The 2005 regular session of the 148th Georgia General Assembly met from January 10, 2005, to March 31, 2005, at which time both houses adjourned sine die.  In addition, Governor Sonny Perdue called for a special session, which met from September 6, 2005, to September 10, 2005. This was the first session since Reconstruction that both houses were controlled by Republicans, as the House of Representatives was won by the GOP at the 2004 election. The legislature redrew legislative and congressional maps in 2005 after federal judges struck down both maps which were drawn by the 146th legislature as violating the one person, one vote guarantee of the U.S. Constitution, resulting in a reshuffling of districts which took effect in the next legislature which shored up Republican gains in both chambers and in Congress.

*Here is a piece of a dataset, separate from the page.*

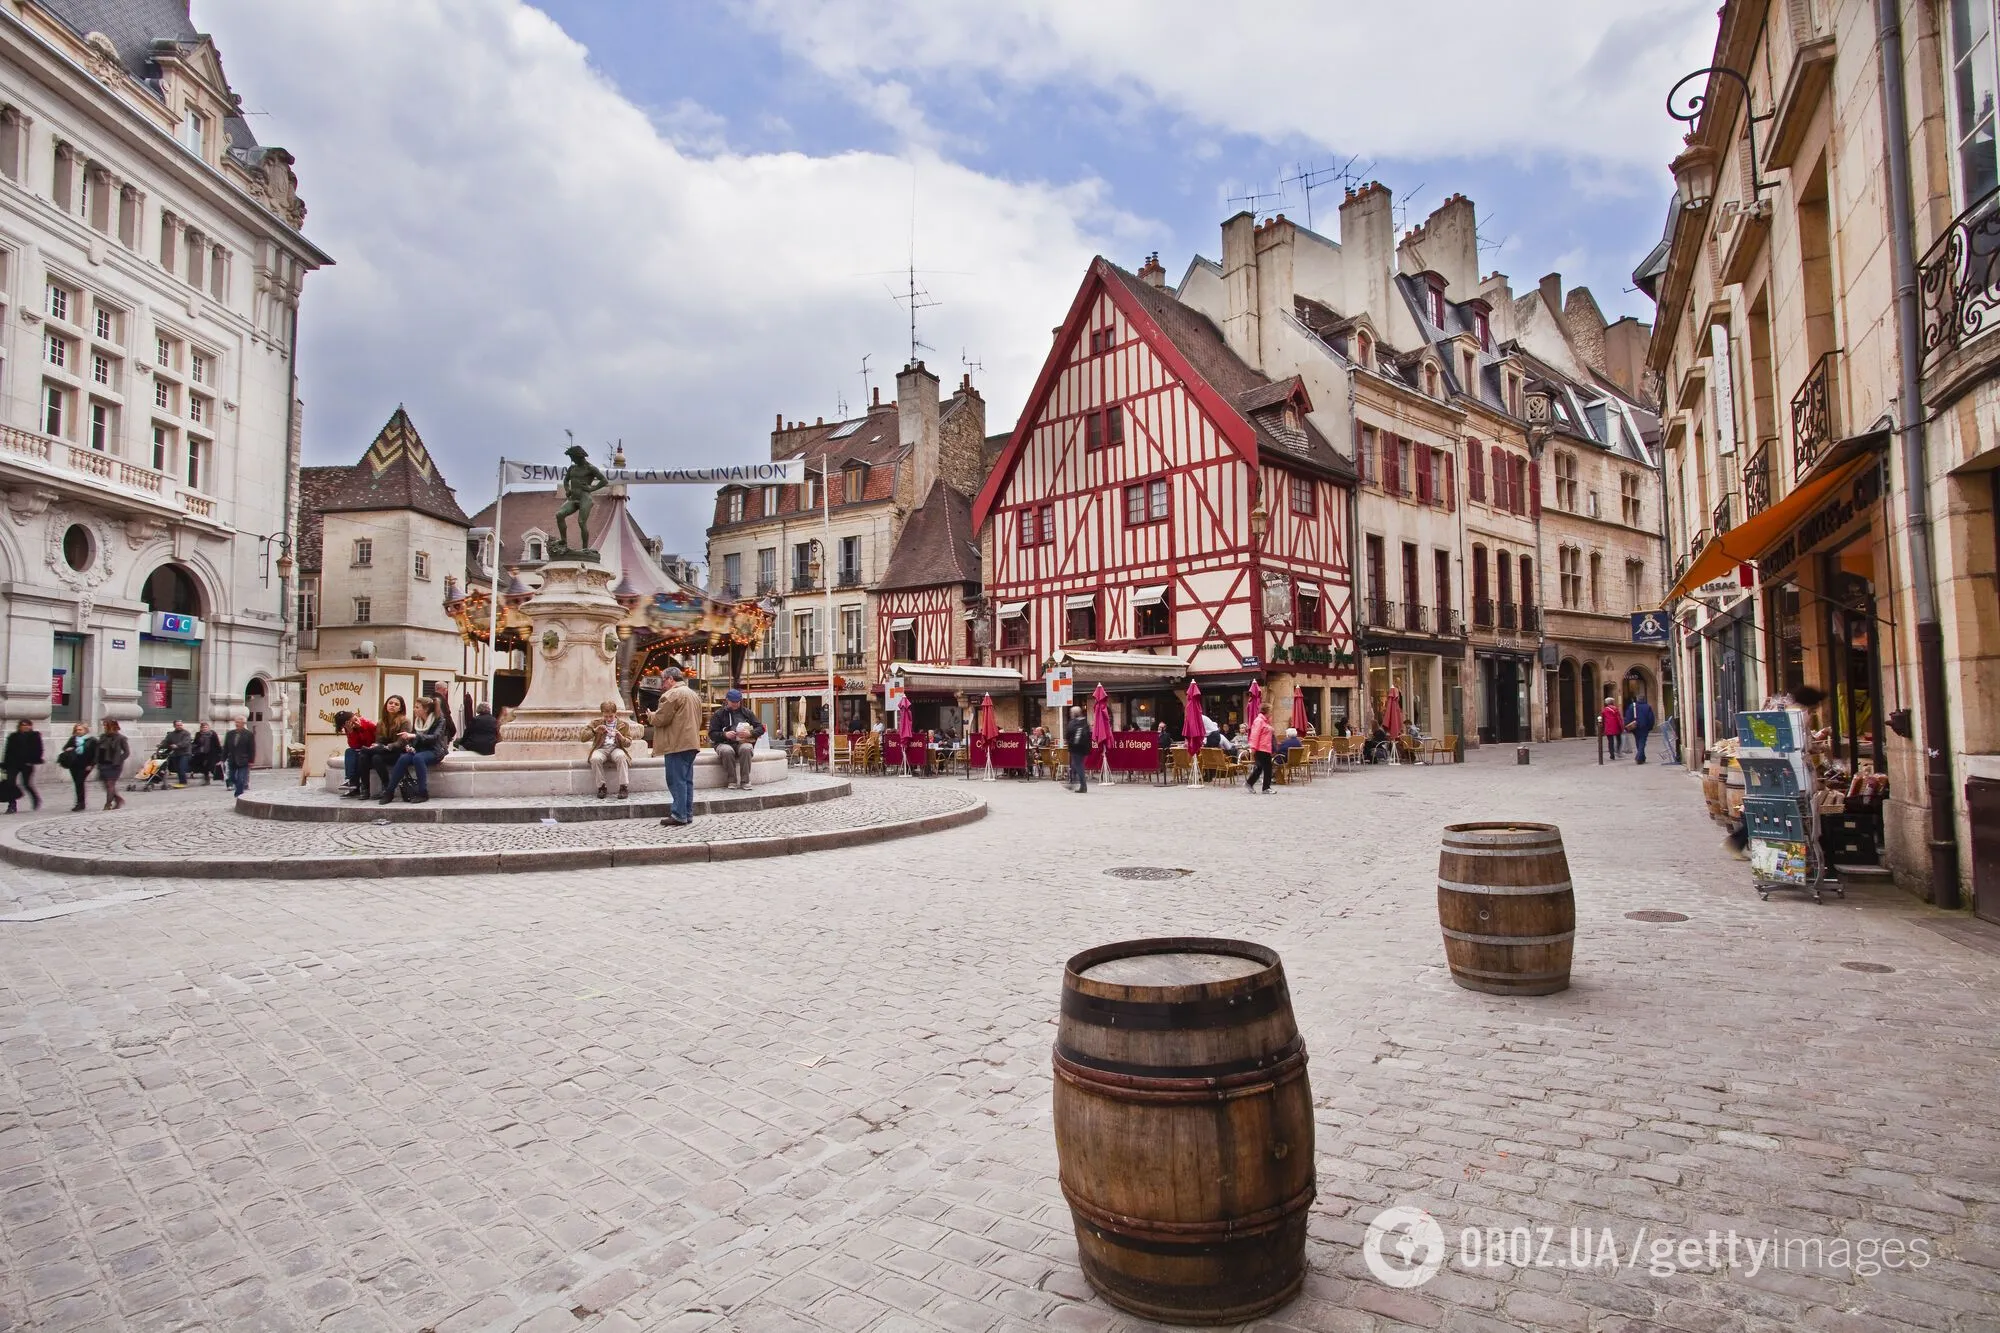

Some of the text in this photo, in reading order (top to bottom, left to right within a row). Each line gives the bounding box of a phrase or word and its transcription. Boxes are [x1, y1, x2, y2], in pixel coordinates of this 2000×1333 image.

The 2006 regular session of the 148th General Assembly met from January 9, 2006, to March 30, 2006, at which time both houses adjourned sine die.

Party standings

Senate

House of Representatives 

*Active political parties in Georgia are not limited to the Democratic and Republican parties.  Libertarians, Greens, the Southern Party of Georgia, and others, run candidates in numerous elections.  However, for the 2005-06 session of the General Assembly, only one legislator was not from the two major parties, and he did not run as a member of any other party.

Officers

Senate

Presiding Officer

Majority leadership

Minority leadership

House of Representatives

Presiding Officer

Majority leadership

Minority leadership

Members of the Georgia State Senate, 2005-2006

Members of the Georgia State House of Representatives, 2005–2006 

  Henry Howard died in office of a heart attack on October 3, 2005.  A special election was held on November 8, 2005, to fill the seat, which was won by Rep. Howard's widow, Earnestine Howard.  She was sworn in on November 17, 2005, and will serve out the remainder of her late husband's term of office.

Notable Legislation

2005 general session

Voting 

House Bill 244  requires voters to provide photographic identification at polling locations in order to vote and makes voting by absentee ballot easier, and also reinstituted the majority vote and runoffs for primaries and general elections which were abolished by the Democratic-majority General Assembly in 1995. Amid great controversy, the law was signed by Governor Perdue on April 22, 2005.  Although the law received preclearance from the Department of Justice under the provisions of the Voting Rights Act, the law was later ruled unconstitutional by a court in Rome, Georgia.  The current status of the law remains uncertain.

2006 general session

Voting 

Senate Bill 84, like H.B. 244, requires photographic identification at poll locations to vote.  To address some of the concerns raised by the court ruling against H.B. 244, S.B. 84 has more extensive provisions for assisting those without photographic identification to obtain acceptable identification.  The bill was passed by both chambers and signed by Governor Perdue on January 26, 2006.  Like H.B. 244, S.B. 84 received preclearance from the Justice Department, although it is currently being challenged in court.

Eminent domain 

House Bill 1313 , which would restrict the uses for which private property can be taken via eminent domain, passed both the House and the Senate with no "no" votes.  The bill is expected to be signed by Governor Perdue.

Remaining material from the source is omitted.